> _Exercise_:
For each entry that follows, produce an exact copy.

> _The data_:
##############################

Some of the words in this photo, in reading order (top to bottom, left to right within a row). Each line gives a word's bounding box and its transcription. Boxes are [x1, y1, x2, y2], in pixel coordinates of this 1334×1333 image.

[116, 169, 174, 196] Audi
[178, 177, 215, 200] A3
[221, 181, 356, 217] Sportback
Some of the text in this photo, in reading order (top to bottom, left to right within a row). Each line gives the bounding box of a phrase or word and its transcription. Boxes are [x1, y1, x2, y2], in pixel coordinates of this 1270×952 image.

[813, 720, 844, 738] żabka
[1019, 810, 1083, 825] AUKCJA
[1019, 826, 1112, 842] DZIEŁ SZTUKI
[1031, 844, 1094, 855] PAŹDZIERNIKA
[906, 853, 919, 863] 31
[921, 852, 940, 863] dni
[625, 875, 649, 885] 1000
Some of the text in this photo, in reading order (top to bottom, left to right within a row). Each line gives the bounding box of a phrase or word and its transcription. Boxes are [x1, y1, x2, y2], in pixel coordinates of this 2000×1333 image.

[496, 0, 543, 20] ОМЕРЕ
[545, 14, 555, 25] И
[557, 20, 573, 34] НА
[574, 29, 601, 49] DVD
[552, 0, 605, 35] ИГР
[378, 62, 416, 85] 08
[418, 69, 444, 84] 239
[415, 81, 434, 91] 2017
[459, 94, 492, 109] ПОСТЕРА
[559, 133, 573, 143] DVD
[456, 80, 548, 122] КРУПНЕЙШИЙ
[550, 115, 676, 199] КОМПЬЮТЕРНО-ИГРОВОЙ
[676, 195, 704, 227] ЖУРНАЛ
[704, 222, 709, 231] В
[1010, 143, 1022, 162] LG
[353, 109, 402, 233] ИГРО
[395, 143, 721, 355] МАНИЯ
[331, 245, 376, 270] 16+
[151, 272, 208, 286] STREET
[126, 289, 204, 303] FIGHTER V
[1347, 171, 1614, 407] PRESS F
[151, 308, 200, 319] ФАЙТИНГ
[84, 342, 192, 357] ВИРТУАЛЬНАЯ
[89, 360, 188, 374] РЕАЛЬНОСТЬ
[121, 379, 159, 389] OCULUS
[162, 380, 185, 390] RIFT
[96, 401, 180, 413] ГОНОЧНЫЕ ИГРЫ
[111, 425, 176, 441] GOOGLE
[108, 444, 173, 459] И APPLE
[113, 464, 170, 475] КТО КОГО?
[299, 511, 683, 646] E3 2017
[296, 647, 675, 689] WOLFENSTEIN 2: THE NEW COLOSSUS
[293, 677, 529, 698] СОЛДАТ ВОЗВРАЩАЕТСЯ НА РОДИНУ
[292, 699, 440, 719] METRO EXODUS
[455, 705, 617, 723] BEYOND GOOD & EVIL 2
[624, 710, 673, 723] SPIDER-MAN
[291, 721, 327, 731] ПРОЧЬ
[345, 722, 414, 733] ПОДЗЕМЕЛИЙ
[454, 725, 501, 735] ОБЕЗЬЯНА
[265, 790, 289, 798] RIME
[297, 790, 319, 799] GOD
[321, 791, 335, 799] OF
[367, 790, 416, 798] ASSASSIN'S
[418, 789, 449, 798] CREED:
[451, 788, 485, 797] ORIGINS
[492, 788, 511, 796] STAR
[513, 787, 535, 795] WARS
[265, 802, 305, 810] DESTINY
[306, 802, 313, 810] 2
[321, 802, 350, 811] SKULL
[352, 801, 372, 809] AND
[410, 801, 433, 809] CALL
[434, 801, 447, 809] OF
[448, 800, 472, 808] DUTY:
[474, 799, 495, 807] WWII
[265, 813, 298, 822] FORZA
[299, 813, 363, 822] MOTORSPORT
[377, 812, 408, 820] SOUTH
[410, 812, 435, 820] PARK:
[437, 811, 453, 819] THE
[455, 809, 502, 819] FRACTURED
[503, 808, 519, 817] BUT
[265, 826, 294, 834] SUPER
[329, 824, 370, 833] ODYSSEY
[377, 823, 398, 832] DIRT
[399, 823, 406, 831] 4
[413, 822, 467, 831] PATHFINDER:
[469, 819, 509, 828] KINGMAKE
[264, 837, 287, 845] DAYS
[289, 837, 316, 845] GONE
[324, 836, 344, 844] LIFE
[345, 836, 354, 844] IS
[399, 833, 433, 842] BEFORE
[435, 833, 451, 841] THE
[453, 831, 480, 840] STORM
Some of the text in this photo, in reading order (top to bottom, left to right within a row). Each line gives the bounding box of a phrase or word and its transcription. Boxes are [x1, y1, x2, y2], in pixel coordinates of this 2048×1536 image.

##############################

> _Response to the task_:
Some of the words in this photo, in reading order (top to bottom, left to right within a row). Each line gives a word's bounding box and its transcription. Boxes are [x1, y1, x2, y2], in pixel coordinates of this 1334×1333 image.

[116, 169, 174, 196] Audi
[178, 177, 215, 200] A3
[221, 181, 356, 217] Sportback
Some of the text in this photo, in reading order (top to bottom, left to right within a row). Each line gives the bounding box of a phrase or word and its transcription. Boxes are [x1, y1, x2, y2], in pixel coordinates of this 1270×952 image.

[813, 720, 844, 738] żabka
[1019, 810, 1083, 825] AUKCJA
[1019, 826, 1112, 842] DZIEŁ SZTUKI
[1031, 844, 1094, 855] PAŹDZIERNIKA
[906, 853, 919, 863] 31
[921, 852, 940, 863] dni
[625, 875, 649, 885] 1000
Some of the text in this photo, in reading order (top to bottom, left to right within a row). Each line gives the bounding box of a phrase or word and its transcription. Boxes are [x1, y1, x2, y2], in pixel coordinates of this 2000×1333 image.

[496, 0, 543, 20] ОМЕРЕ
[545, 14, 555, 25] И
[557, 20, 573, 34] НА
[574, 29, 601, 49] DVD
[552, 0, 605, 35] ИГР
[378, 62, 416, 85] 08
[418, 69, 444, 84] 239
[415, 81, 434, 91] 2017
[459, 94, 492, 109] ПОСТЕРА
[559, 133, 573, 143] DVD
[456, 80, 548, 122] КРУПНЕЙШИЙ
[550, 115, 676, 199] КОМПЬЮТЕРНО-ИГРОВОЙ
[676, 195, 704, 227] ЖУРНАЛ
[704, 222, 709, 231] В
[1010, 143, 1022, 162] LG
[353, 109, 402, 233] ИГРО
[395, 143, 721, 355] МАНИЯ
[331, 245, 376, 270] 16+
[151, 272, 208, 286] STREET
[126, 289, 204, 303] FIGHTER V
[1347, 171, 1614, 407] PRESS F
[151, 308, 200, 319] ФАЙТИНГ
[84, 342, 192, 357] ВИРТУАЛЬНАЯ
[89, 360, 188, 374] РЕАЛЬНОСТЬ
[121, 379, 159, 389] OCULUS
[162, 380, 185, 390] RIFT
[96, 401, 180, 413] ГОНОЧНЫЕ ИГРЫ
[111, 425, 176, 441] GOOGLE
[108, 444, 173, 459] И APPLE
[113, 464, 170, 475] КТО КОГО?
[299, 511, 683, 646] E3 2017
[296, 647, 675, 689] WOLFENSTEIN 2: THE NEW COLOSSUS
[293, 677, 529, 698] СОЛДАТ ВОЗВРАЩАЕТСЯ НА РОДИНУ
[292, 699, 440, 719] METRO EXODUS
[455, 705, 617, 723] BEYOND GOOD & EVIL 2
[624, 710, 673, 723] SPIDER-MAN
[291, 721, 327, 731] ПРОЧЬ
[345, 722, 414, 733] ПОДЗЕМЕЛИЙ
[454, 725, 501, 735] ОБЕЗЬЯНА
[265, 790, 289, 798] RIME
[297, 790, 319, 799] GOD
[321, 791, 335, 799] OF
[367, 790, 416, 798] ASSASSIN'S
[418, 789, 449, 798] CREED:
[451, 788, 485, 797] ORIGINS
[492, 788, 511, 796] STAR
[513, 787, 535, 795] WARS
[265, 802, 305, 810] DESTINY
[306, 802, 313, 810] 2
[321, 802, 350, 811] SKULL
[352, 801, 372, 809] AND
[410, 801, 433, 809] CALL
[434, 801, 447, 809] OF
[448, 800, 472, 808] DUTY:
[474, 799, 495, 807] WWII
[265, 813, 298, 822] FORZA
[299, 813, 363, 822] MOTORSPORT
[377, 812, 408, 820] SOUTH
[410, 812, 435, 820] PARK:
[437, 811, 453, 819] THE
[455, 809, 502, 819] FRACTURED
[503, 808, 519, 817] BUT
[265, 826, 294, 834] SUPER
[329, 824, 370, 833] ODYSSEY
[377, 823, 398, 832] DIRT
[399, 823, 406, 831] 4
[413, 822, 467, 831] PATHFINDER:
[469, 819, 509, 828] KINGMAKE
[264, 837, 287, 845] DAYS
[289, 837, 316, 845] GONE
[324, 836, 344, 844] LIFE
[345, 836, 354, 844] IS
[399, 833, 433, 842] BEFORE
[435, 833, 451, 841] THE
[453, 831, 480, 840] STORM
Some of the text in this photo, in reading order (top to bottom, left to right within a row). Each line gives the bounding box of a phrase or word and its transcription. Boxes are [x1, y1, x2, y2], in pixel coordinates of this 2048×1536 image.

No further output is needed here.